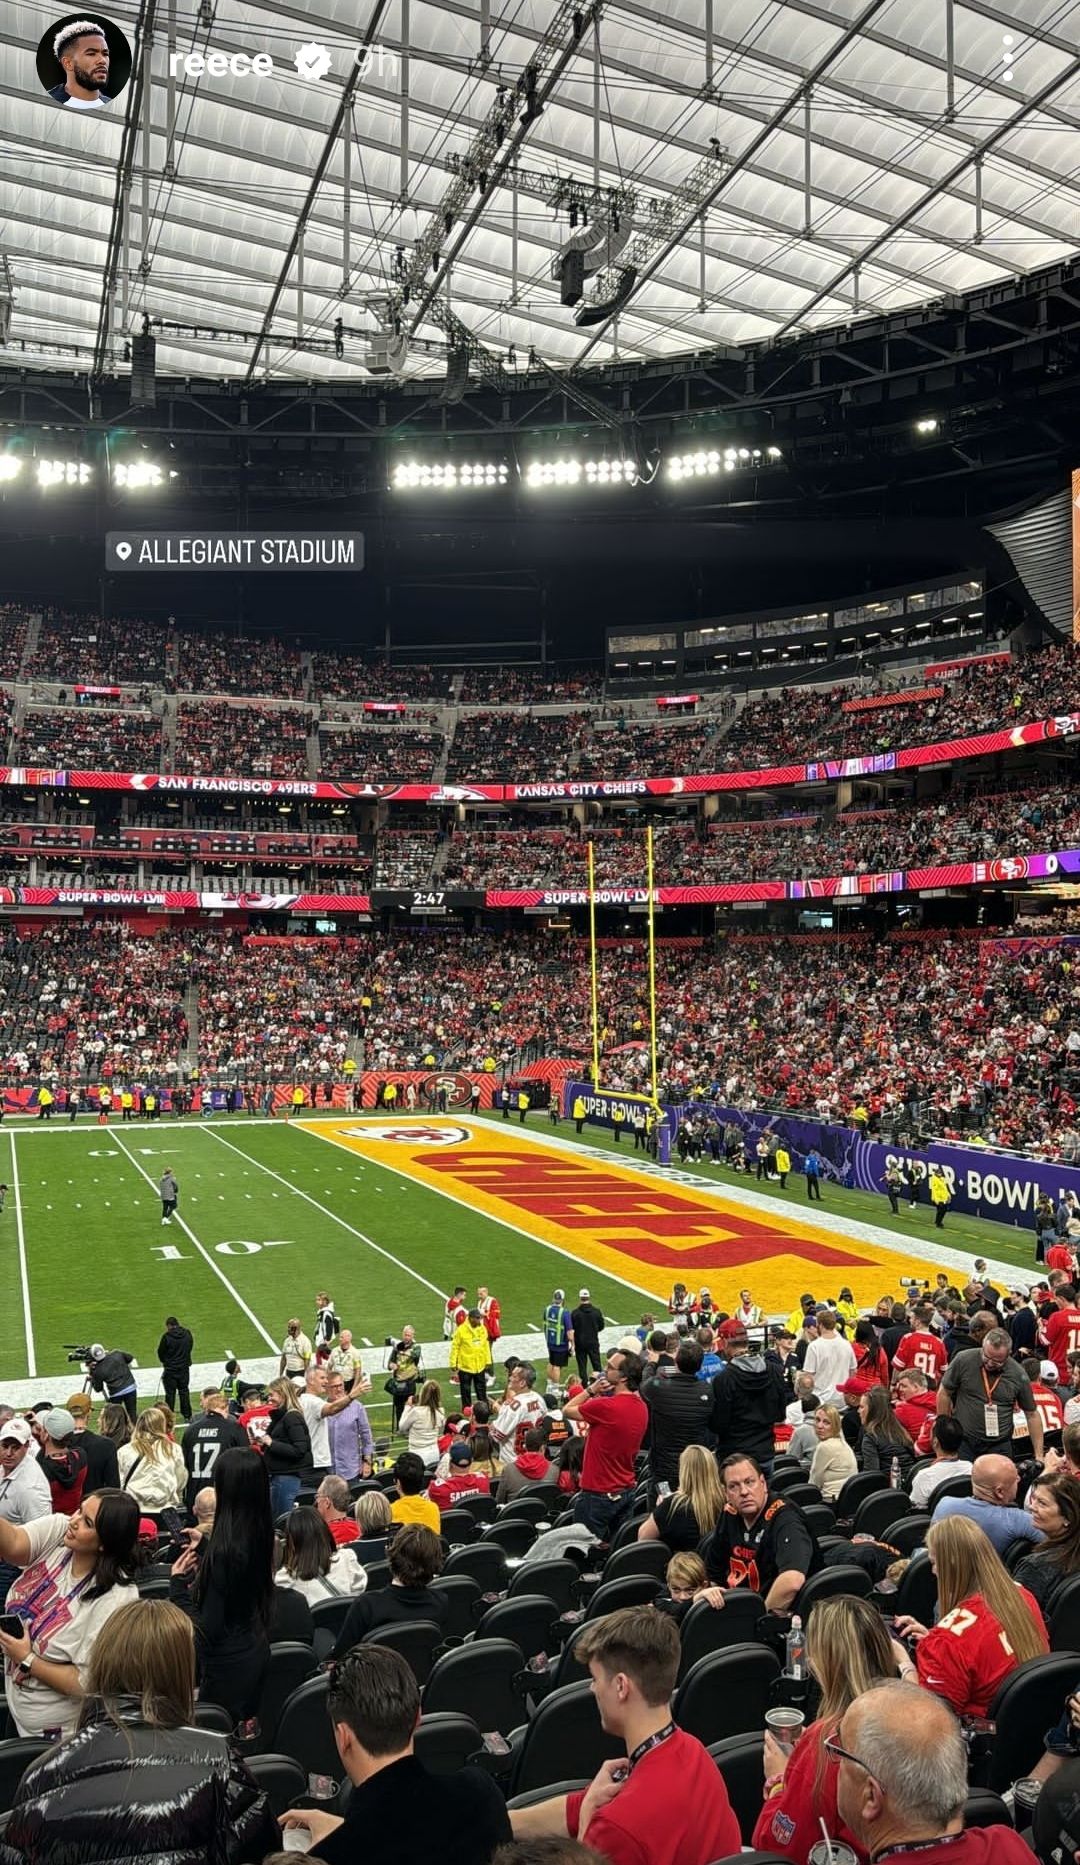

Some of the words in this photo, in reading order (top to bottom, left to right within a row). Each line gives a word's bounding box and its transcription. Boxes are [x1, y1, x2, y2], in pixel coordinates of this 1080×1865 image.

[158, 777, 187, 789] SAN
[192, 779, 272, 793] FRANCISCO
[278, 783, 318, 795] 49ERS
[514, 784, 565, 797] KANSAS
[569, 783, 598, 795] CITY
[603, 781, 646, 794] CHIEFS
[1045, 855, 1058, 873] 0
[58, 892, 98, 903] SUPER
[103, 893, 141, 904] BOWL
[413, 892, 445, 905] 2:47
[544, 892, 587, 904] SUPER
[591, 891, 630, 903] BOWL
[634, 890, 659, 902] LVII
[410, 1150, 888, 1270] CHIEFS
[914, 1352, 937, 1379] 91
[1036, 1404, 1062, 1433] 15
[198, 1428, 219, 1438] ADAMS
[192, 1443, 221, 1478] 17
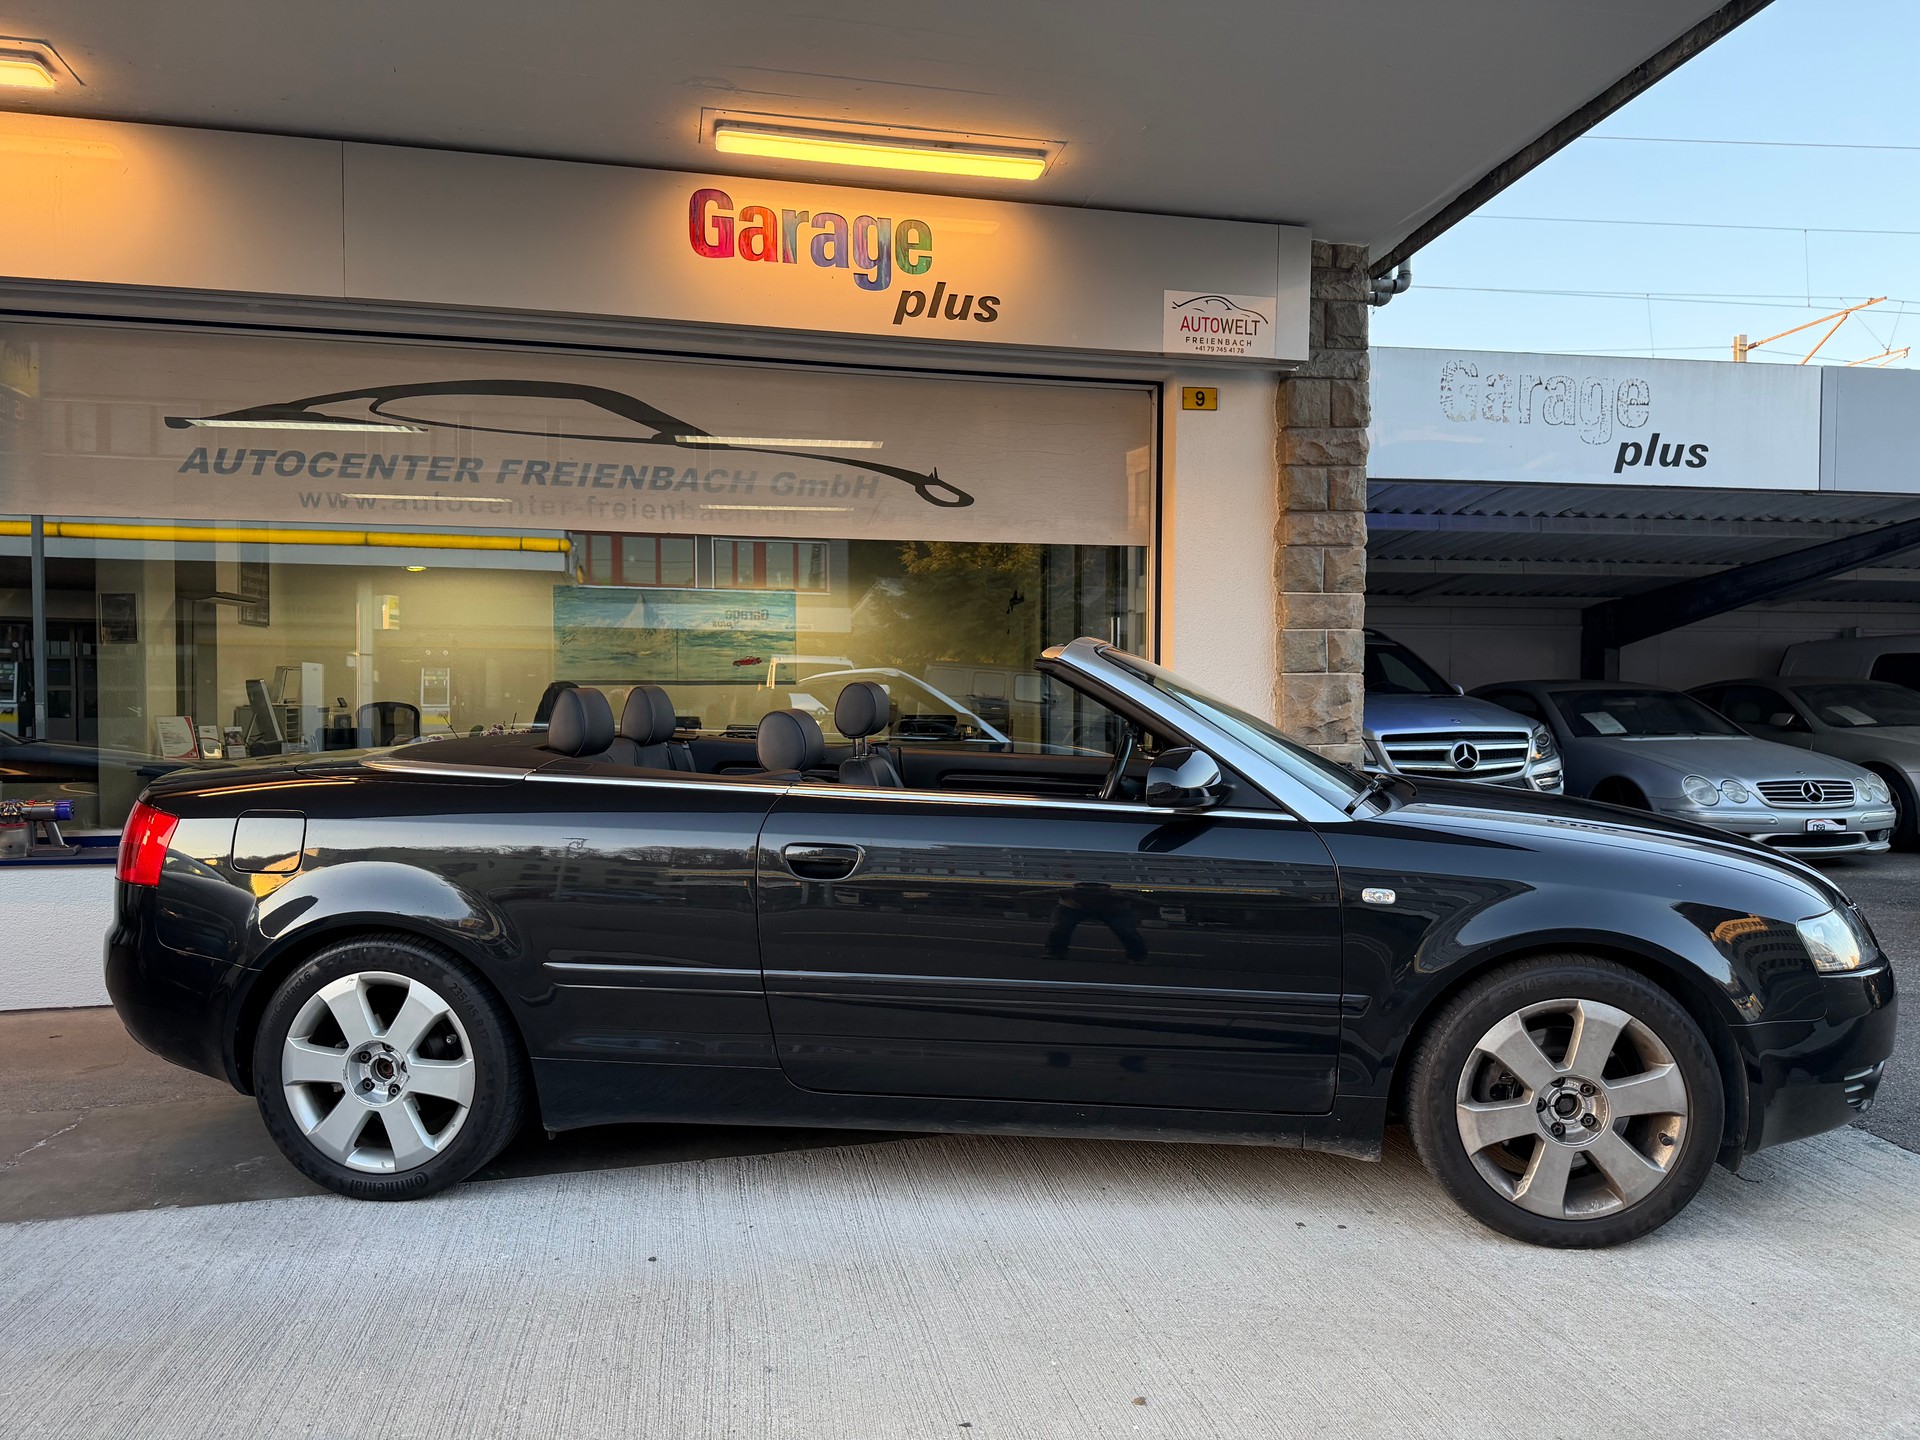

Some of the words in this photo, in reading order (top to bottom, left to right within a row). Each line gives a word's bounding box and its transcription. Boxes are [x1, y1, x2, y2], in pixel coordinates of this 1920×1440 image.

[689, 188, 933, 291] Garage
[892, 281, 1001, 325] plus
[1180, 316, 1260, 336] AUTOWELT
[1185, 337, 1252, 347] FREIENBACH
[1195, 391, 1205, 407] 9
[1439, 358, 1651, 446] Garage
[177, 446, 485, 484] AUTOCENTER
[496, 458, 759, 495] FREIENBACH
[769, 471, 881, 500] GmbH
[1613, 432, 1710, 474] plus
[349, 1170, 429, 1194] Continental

◆ **Problem requirements**
The records above should be written out in full and unchanged, except that pictures are dropped.

◆ **Result below**
Some of the words in this photo, in reading order (top to bottom, left to right within a row). Each line gives a word's bounding box and its transcription. Boxes are [x1, y1, x2, y2], in pixel coordinates of this 1080×1865 image.

[158, 777, 187, 789] SAN
[192, 779, 272, 793] FRANCISCO
[278, 783, 318, 795] 49ERS
[514, 784, 565, 797] KANSAS
[569, 783, 598, 795] CITY
[603, 781, 646, 794] CHIEFS
[1045, 855, 1058, 873] 0
[58, 892, 98, 903] SUPER
[103, 893, 141, 904] BOWL
[413, 892, 445, 905] 2:47
[544, 892, 587, 904] SUPER
[591, 891, 630, 903] BOWL
[634, 890, 659, 902] LVII
[410, 1150, 888, 1270] CHIEFS
[914, 1352, 937, 1379] 91
[1036, 1404, 1062, 1433] 15
[198, 1428, 219, 1438] ADAMS
[192, 1443, 221, 1478] 17

Some of the words in this photo, in reading order (top to bottom, left to right within a row). Each line gives a word's bounding box and its transcription. Boxes are [x1, y1, x2, y2], in pixel coordinates of this 1920×1440 image.

[689, 188, 933, 291] Garage
[892, 281, 1001, 325] plus
[1180, 316, 1260, 336] AUTOWELT
[1185, 337, 1252, 347] FREIENBACH
[1195, 391, 1205, 407] 9
[1439, 358, 1651, 446] Garage
[177, 446, 485, 484] AUTOCENTER
[496, 458, 759, 495] FREIENBACH
[769, 471, 881, 500] GmbH
[1613, 432, 1710, 474] plus
[349, 1170, 429, 1194] Continental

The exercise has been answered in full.